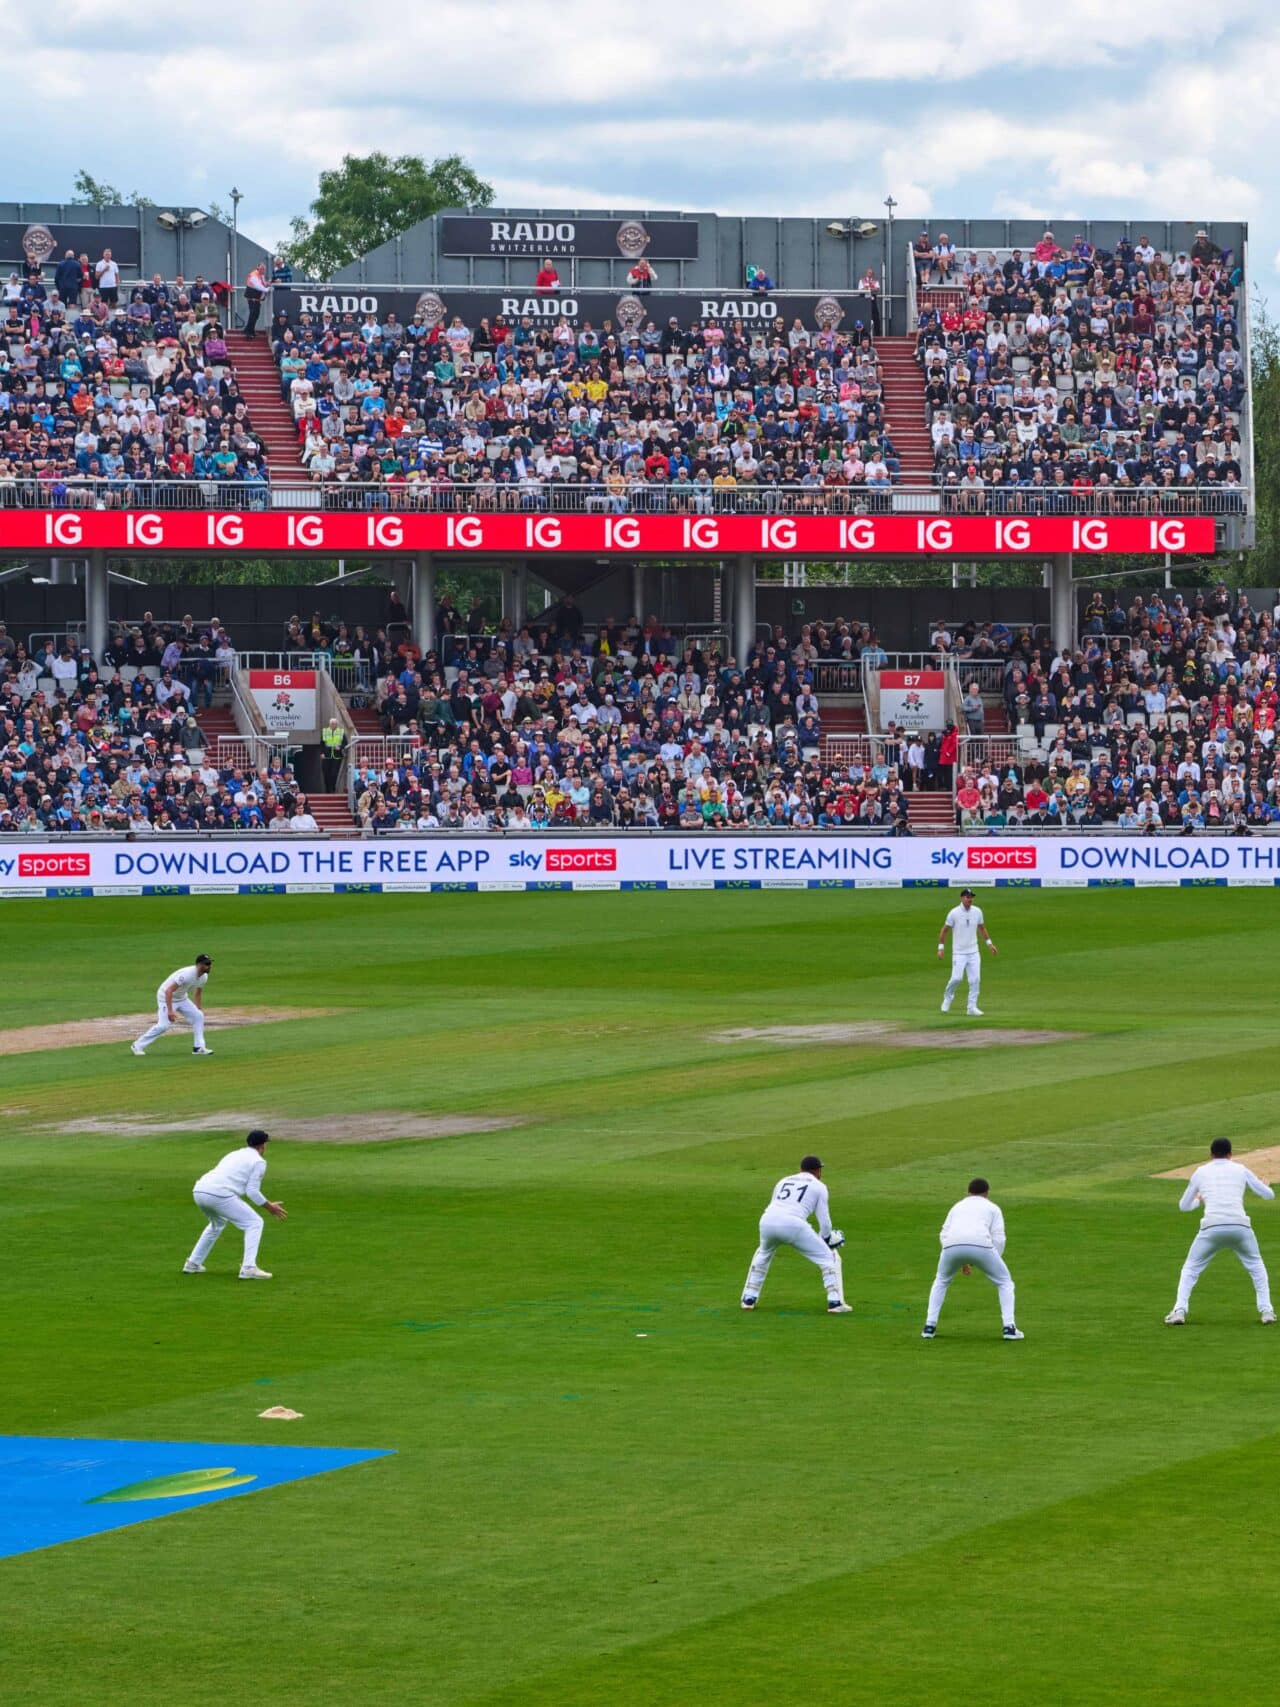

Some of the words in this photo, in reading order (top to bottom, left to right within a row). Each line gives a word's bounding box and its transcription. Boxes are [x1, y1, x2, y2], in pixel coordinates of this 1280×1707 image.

[490, 222, 575, 242] RADO
[490, 244, 576, 253] SWITZERLAND
[300, 295, 378, 313] RADO
[501, 298, 578, 316] RADO
[701, 301, 777, 319] RADO
[46, 514, 82, 544] IG
[127, 514, 163, 545] IG
[208, 515, 243, 545] IG
[288, 516, 323, 546] IG
[368, 517, 403, 546] IG
[447, 517, 482, 547] IG
[527, 518, 561, 547] IG
[605, 518, 640, 548] IG
[684, 518, 718, 548] IG
[762, 519, 796, 549] IG
[840, 519, 874, 549] IG
[918, 520, 952, 549] IG
[996, 520, 1030, 549] IG
[1073, 520, 1107, 550] IG
[1151, 520, 1185, 550] IG
[273, 674, 291, 685] B6
[904, 675, 920, 685] B7
[22, 856, 87, 875] sports
[115, 852, 290, 875] DOWNLOAD
[298, 851, 353, 873] THE
[363, 850, 428, 872] FREE
[435, 850, 490, 872] APP
[509, 850, 543, 870] sky
[549, 851, 613, 870] sports
[669, 848, 725, 870] LIVE
[733, 847, 892, 870] STREAMING
[931, 848, 964, 868] sky
[970, 849, 1033, 868] sports
[1060, 847, 1229, 869] DOWNLOAD
[777, 1183, 808, 1202] 51

● **PROBLEM TO SOLVE**: Leaving the pictures behind, return every line above exactly.

● **RESPONSE TO THIS EXERCISE**:
Some of the words in this photo, in reading order (top to bottom, left to right within a row). Each line gives a word's bounding box and its transcription. Boxes are [x1, y1, x2, y2], in pixel coordinates of this 1280×1707 image.

[490, 222, 575, 242] RADO
[490, 244, 576, 253] SWITZERLAND
[300, 295, 378, 313] RADO
[501, 298, 578, 316] RADO
[701, 301, 777, 319] RADO
[46, 514, 82, 544] IG
[127, 514, 163, 545] IG
[208, 515, 243, 545] IG
[288, 516, 323, 546] IG
[368, 517, 403, 546] IG
[447, 517, 482, 547] IG
[527, 518, 561, 547] IG
[605, 518, 640, 548] IG
[684, 518, 718, 548] IG
[762, 519, 796, 549] IG
[840, 519, 874, 549] IG
[918, 520, 952, 549] IG
[996, 520, 1030, 549] IG
[1073, 520, 1107, 550] IG
[1151, 520, 1185, 550] IG
[273, 674, 291, 685] B6
[904, 675, 920, 685] B7
[22, 856, 87, 875] sports
[115, 852, 290, 875] DOWNLOAD
[298, 851, 353, 873] THE
[363, 850, 428, 872] FREE
[435, 850, 490, 872] APP
[509, 850, 543, 870] sky
[549, 851, 613, 870] sports
[669, 848, 725, 870] LIVE
[733, 847, 892, 870] STREAMING
[931, 848, 964, 868] sky
[970, 849, 1033, 868] sports
[1060, 847, 1229, 869] DOWNLOAD
[777, 1183, 808, 1202] 51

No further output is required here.